((
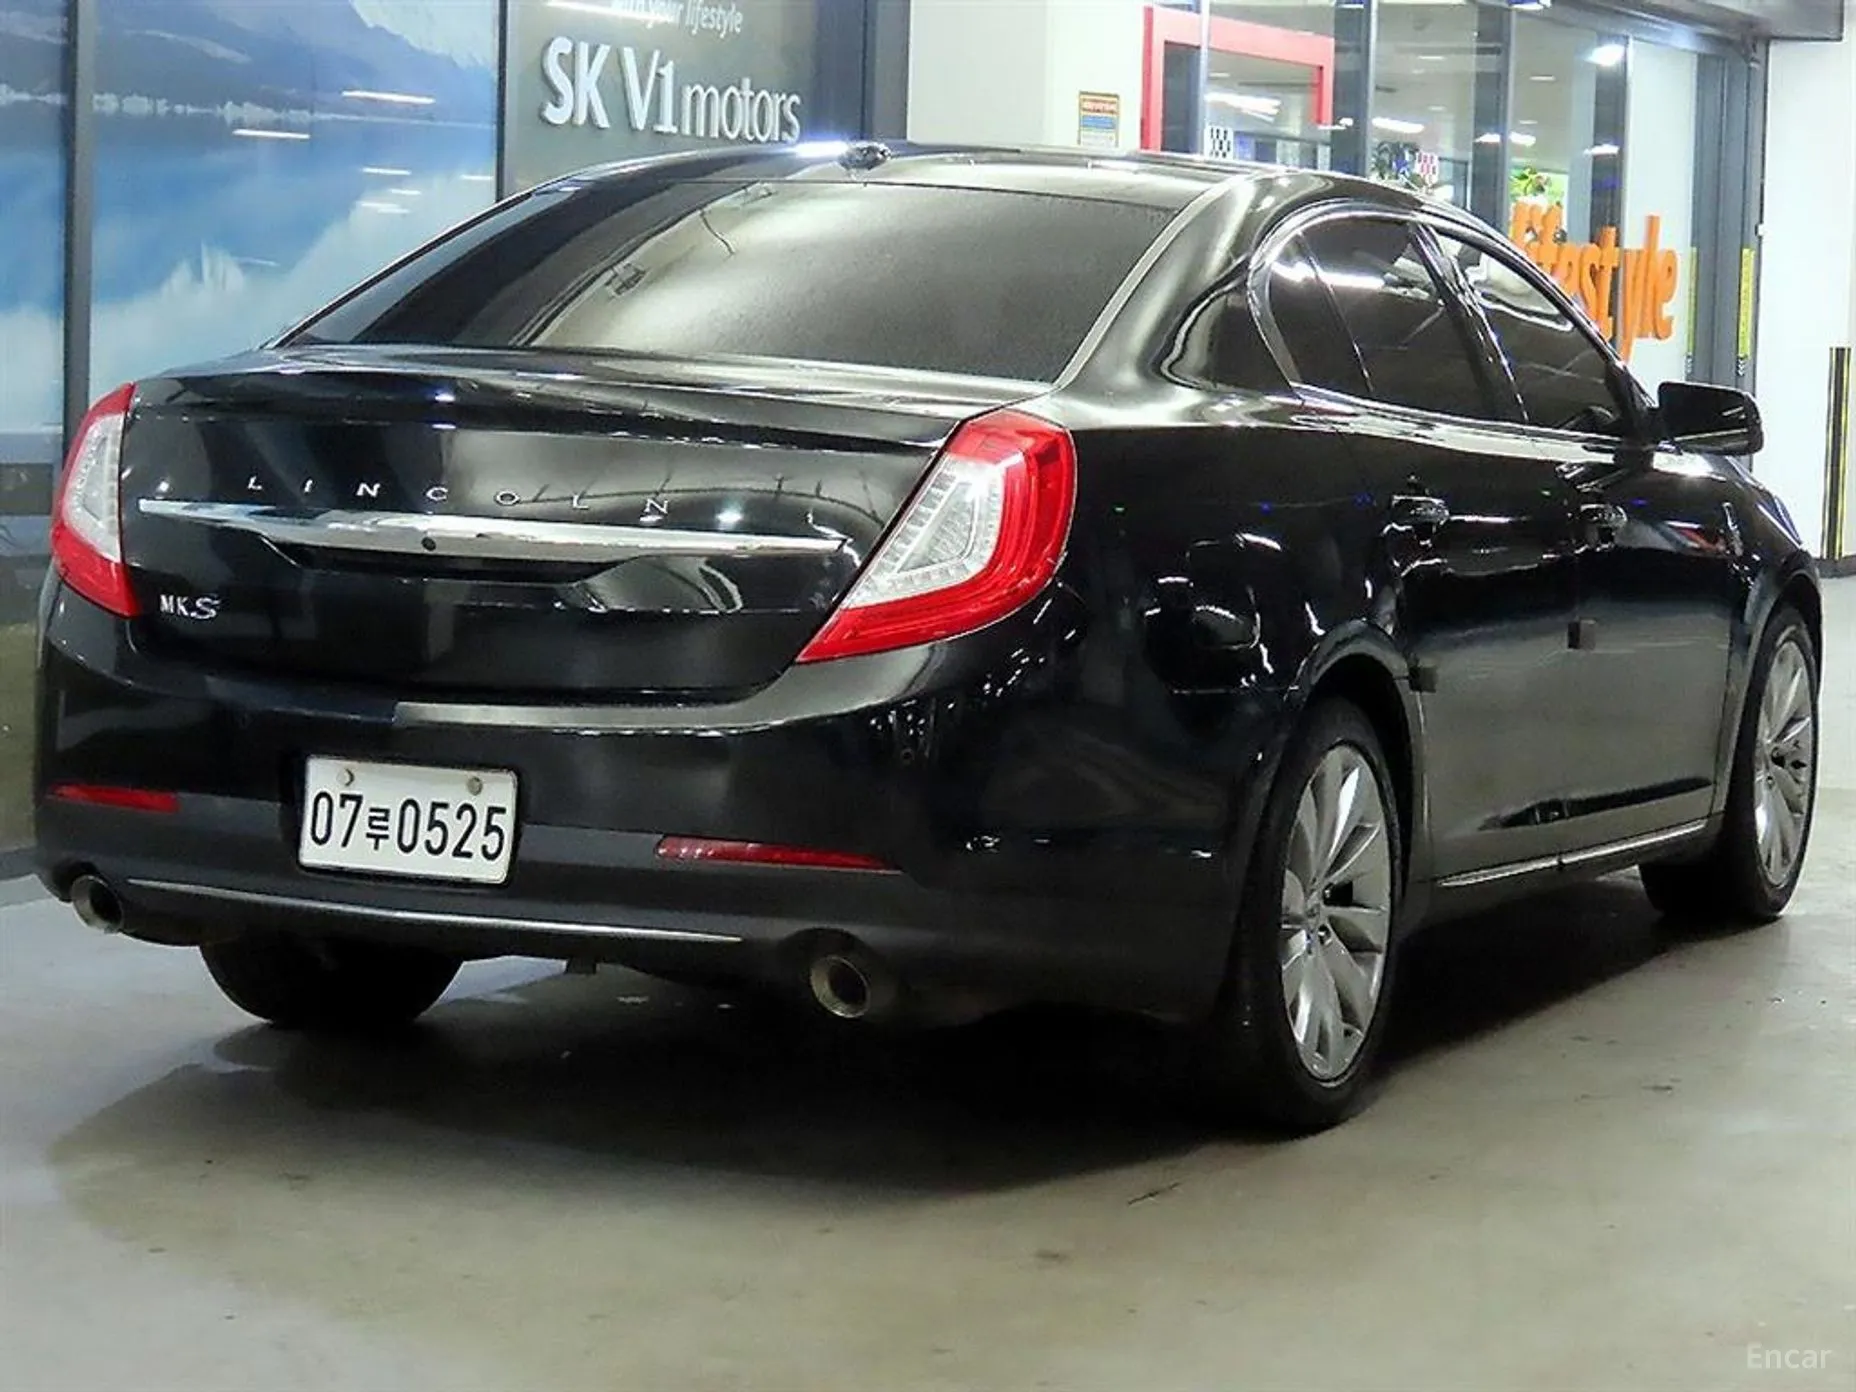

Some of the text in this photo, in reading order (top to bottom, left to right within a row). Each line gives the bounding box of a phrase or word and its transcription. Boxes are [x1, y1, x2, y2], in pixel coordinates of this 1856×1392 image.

[685, 0, 743, 38] lifestyle
[541, 36, 611, 129] SK
[247, 475, 669, 515] LINCOLN
[160, 594, 220, 619] MKS
[310, 791, 507, 861] 07루0525
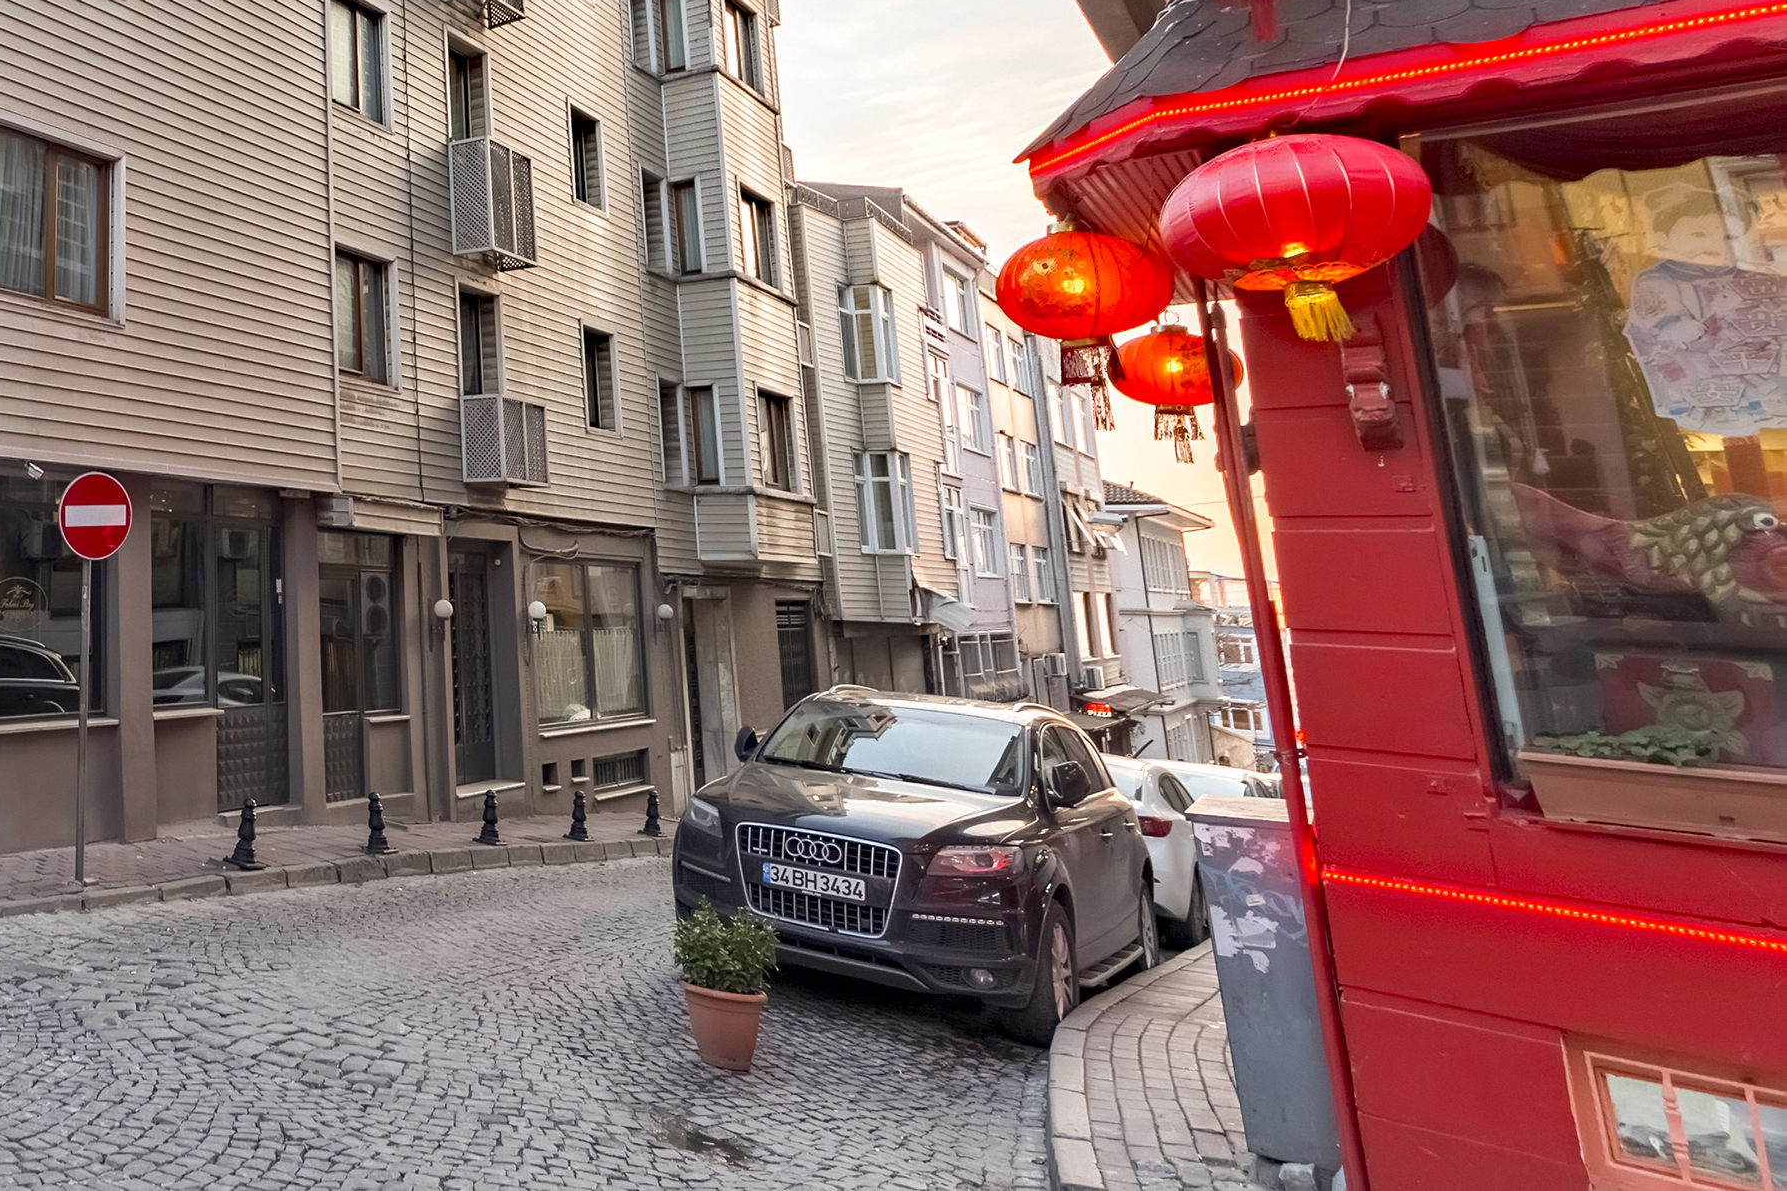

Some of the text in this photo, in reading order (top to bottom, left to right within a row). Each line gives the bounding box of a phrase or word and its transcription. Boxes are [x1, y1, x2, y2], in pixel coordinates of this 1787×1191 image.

[770, 866, 789, 884] 34
[792, 869, 817, 890] BH
[819, 875, 863, 898] 3434
))
**Your objective:** The whole listing is to be duplicated verbatim, apart from its images.

**Answer for the task:**
Some of the text in this photo, in reading order (top to bottom, left to right within a row). Each line gives the bounding box of a phrase or word and its transcription. Boxes are [x1, y1, x2, y2], in pixel coordinates of this 1856×1392 image.

[685, 0, 743, 38] lifestyle
[541, 36, 611, 129] SK
[247, 475, 669, 515] LINCOLN
[160, 594, 220, 619] MKS
[310, 791, 507, 861] 07루0525

Some of the text in this photo, in reading order (top to bottom, left to right within a row). Each line gives the bounding box of a phrase or word and its transcription. Boxes are [x1, y1, x2, y2], in pixel coordinates of this 1787×1191 image.

[770, 866, 789, 884] 34
[792, 869, 817, 890] BH
[819, 875, 863, 898] 3434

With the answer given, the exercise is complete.